Travelling south musically, ‘Clarksdale’ takes a pinch of Muscle Shoals and the blues to evoke a very American landscape, whilst at the other end of the scale, the no less evocative mood of ‘Critical Conversation’ feels like a tumult, a squirming tension of energetic discourse and guitar effects experimentation – post-punk, post-rock in sound, jazzy in channeling a certain angst.        

Anything but a demonstration, this album is an impressive showcase of dexterity and virtuoso skill of composition and expressive playing. The Great Mirage stays constantly interesting as it moves between reflection and displays of whining and squealed guitar frippery.
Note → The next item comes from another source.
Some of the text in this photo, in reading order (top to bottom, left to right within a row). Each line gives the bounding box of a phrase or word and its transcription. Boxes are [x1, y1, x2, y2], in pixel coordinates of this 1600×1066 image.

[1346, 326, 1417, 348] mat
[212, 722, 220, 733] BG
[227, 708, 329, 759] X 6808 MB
Never indulgent, the focus is always on merging a shared experience in which the guitar (both electric and acoustic) bends, molds and wields to its practitioner’s concept of free-expression. I’d suggest they’ve done quite well in mining their eclectic sources to shape that freedom and pushing of the boundaries in a modern age.  

Bhajan Bhoy ‘To Love Is To Love (Volumes 1 & 2)’
(Cardinal Fuzz in the UK/Feeding Tube in the US) Available Now

Ajay Saggar once again travels the astral highway and byways as guru Bhajan Bhoy, across two volumes of transcendence, raga mantras and afflatus dreamwave psychedelia.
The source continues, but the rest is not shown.